Required action: A verbatim transcription of the listing below is required, without its pictures.

Material provided:
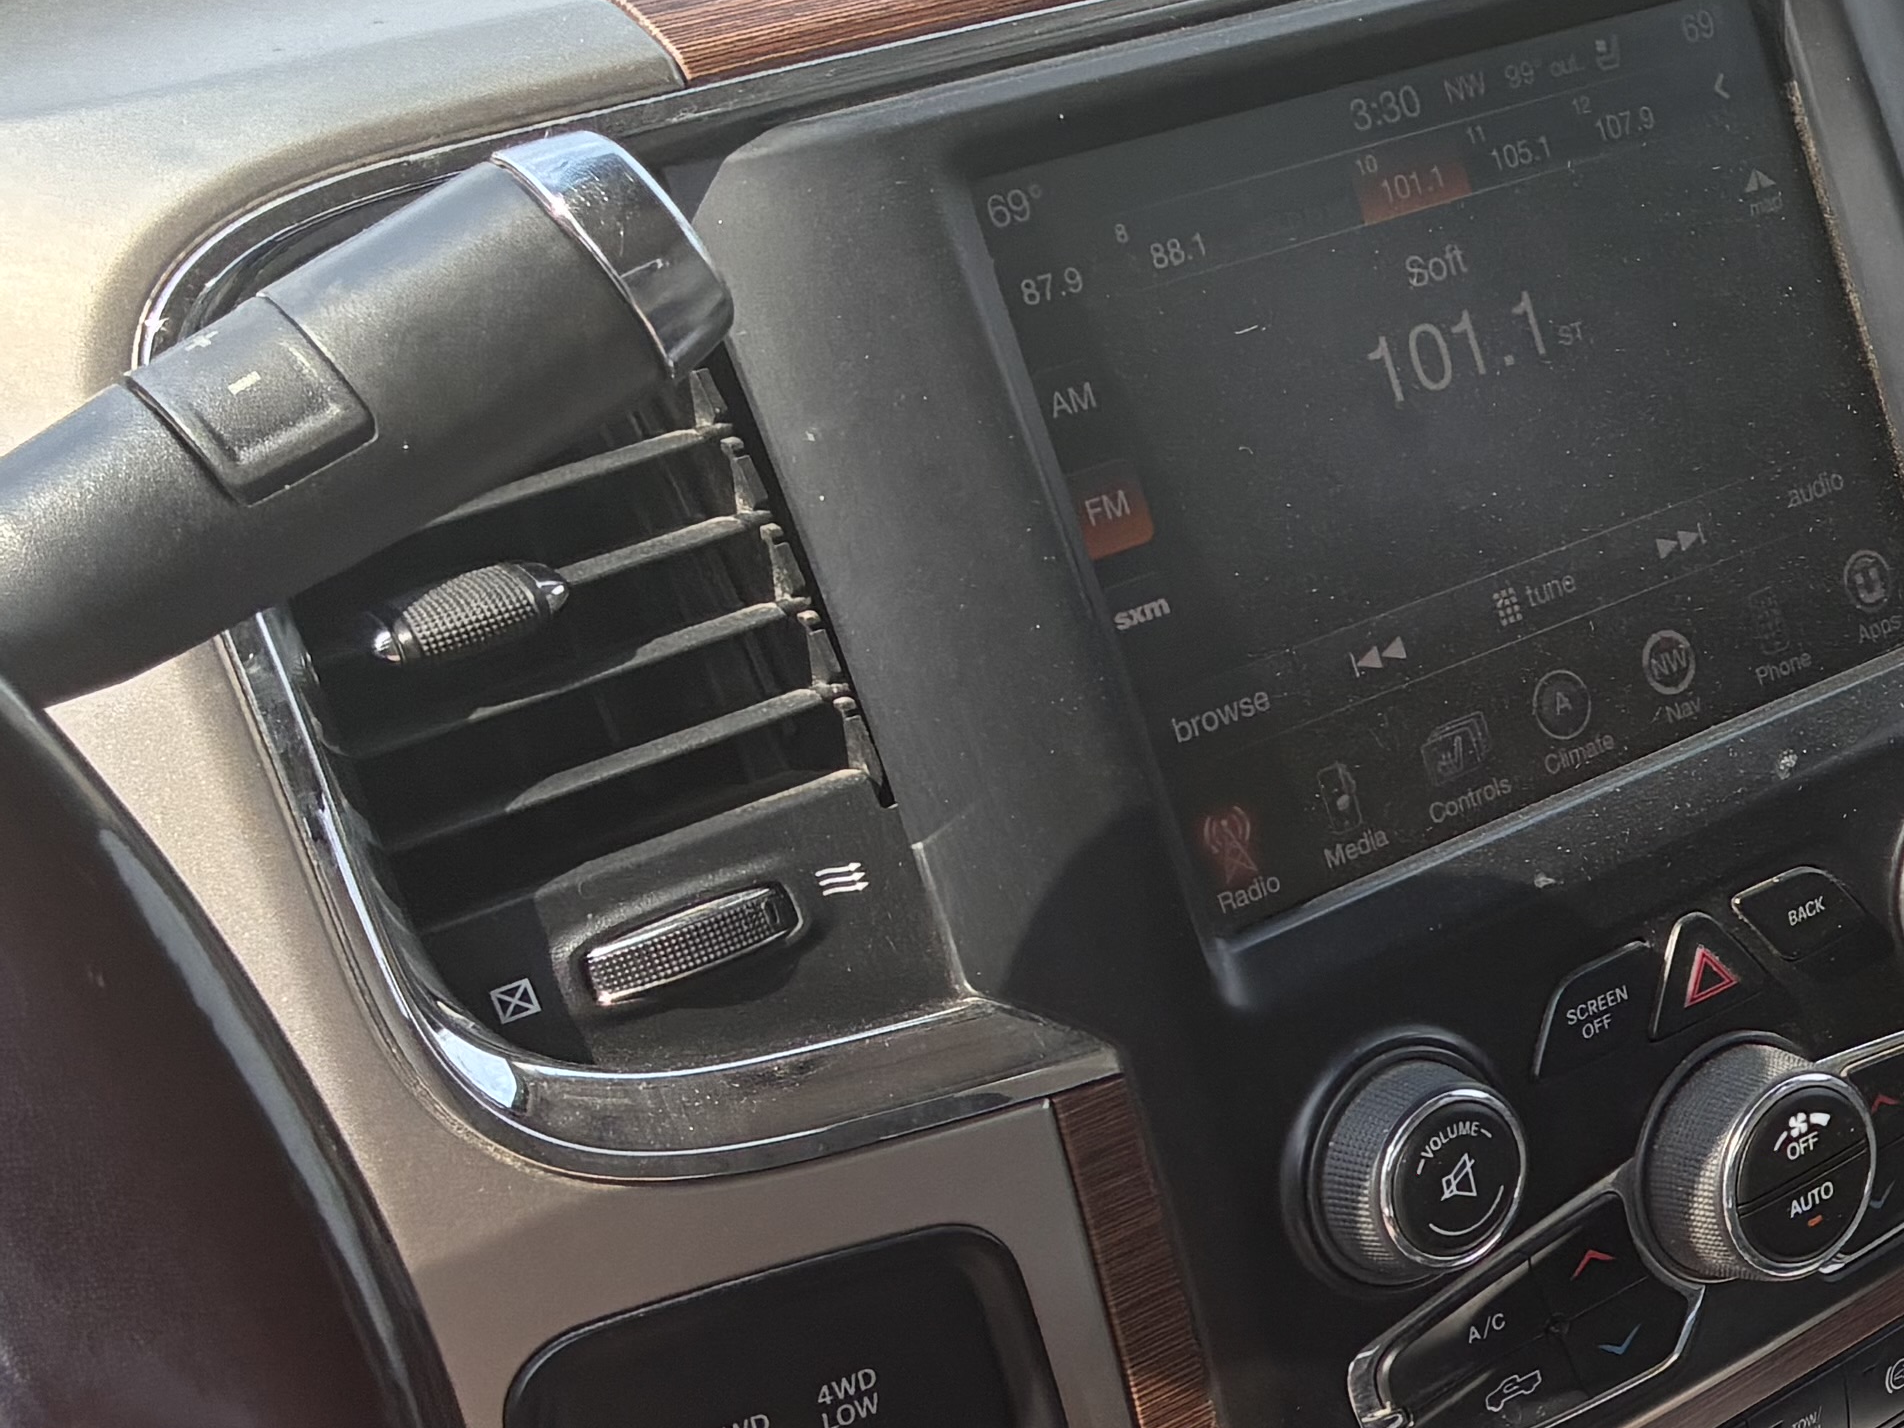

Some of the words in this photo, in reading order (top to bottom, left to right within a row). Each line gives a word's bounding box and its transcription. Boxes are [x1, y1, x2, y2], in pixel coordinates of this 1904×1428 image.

[1350, 85, 1421, 132] 3:30
[1443, 72, 1486, 104] NW
[1572, 95, 1591, 116] 12
[1594, 105, 1655, 141] 107.9
[1356, 154, 1378, 176] 10
[1491, 135, 1552, 172] 105.1
[1381, 165, 1446, 203] 101.1
[1114, 223, 1129, 244] 8
[1150, 232, 1206, 269] 88.1
[1405, 244, 1468, 288] Soft
[1020, 267, 1083, 305] 87.9
[1366, 291, 1547, 403] 101.1
[1052, 381, 1097, 419] AM
[1787, 470, 1845, 508] audio
[1085, 489, 1131, 527] FM
[1524, 573, 1578, 607] tune
[1113, 597, 1172, 631] sxm
[1857, 614, 1902, 647] Apps
[1755, 650, 1814, 686] Phone
[1171, 691, 1271, 743] browse
[1665, 701, 1701, 726] Nav
[1543, 732, 1616, 776] Climate
[1428, 775, 1513, 825] Controls
[1323, 827, 1390, 870] Media
[1217, 873, 1281, 915] Radio
[1787, 895, 1826, 927] BACK
[1566, 985, 1629, 1026] SCREEN
[1582, 1013, 1613, 1040] OFF
[1420, 1121, 1480, 1158] VOLUME
[1786, 1131, 1819, 1161] OFF
[1790, 1180, 1835, 1219] AUTO
[1468, 1312, 1506, 1344] A/C
[816, 1368, 878, 1407] 4WD

Your response:
Some of the words in this photo, in reading order (top to bottom, left to right within a row). Each line gives a word's bounding box and its transcription. Boxes are [x1, y1, x2, y2], in pixel coordinates of this 1904×1428 image.

[1350, 85, 1421, 132] 3:30
[1443, 72, 1486, 104] NW
[1572, 95, 1591, 116] 12
[1594, 105, 1655, 141] 107.9
[1356, 154, 1378, 176] 10
[1491, 135, 1552, 172] 105.1
[1381, 165, 1446, 203] 101.1
[1114, 223, 1129, 244] 8
[1150, 232, 1206, 269] 88.1
[1405, 244, 1468, 288] Soft
[1020, 267, 1083, 305] 87.9
[1366, 291, 1547, 403] 101.1
[1052, 381, 1097, 419] AM
[1787, 470, 1845, 508] audio
[1085, 489, 1131, 527] FM
[1524, 573, 1578, 607] tune
[1113, 597, 1172, 631] sxm
[1857, 614, 1902, 647] Apps
[1755, 650, 1814, 686] Phone
[1171, 691, 1271, 743] browse
[1665, 701, 1701, 726] Nav
[1543, 732, 1616, 776] Climate
[1428, 775, 1513, 825] Controls
[1323, 827, 1390, 870] Media
[1217, 873, 1281, 915] Radio
[1787, 895, 1826, 927] BACK
[1566, 985, 1629, 1026] SCREEN
[1582, 1013, 1613, 1040] OFF
[1420, 1121, 1480, 1158] VOLUME
[1786, 1131, 1819, 1161] OFF
[1790, 1180, 1835, 1219] AUTO
[1468, 1312, 1506, 1344] A/C
[816, 1368, 878, 1407] 4WD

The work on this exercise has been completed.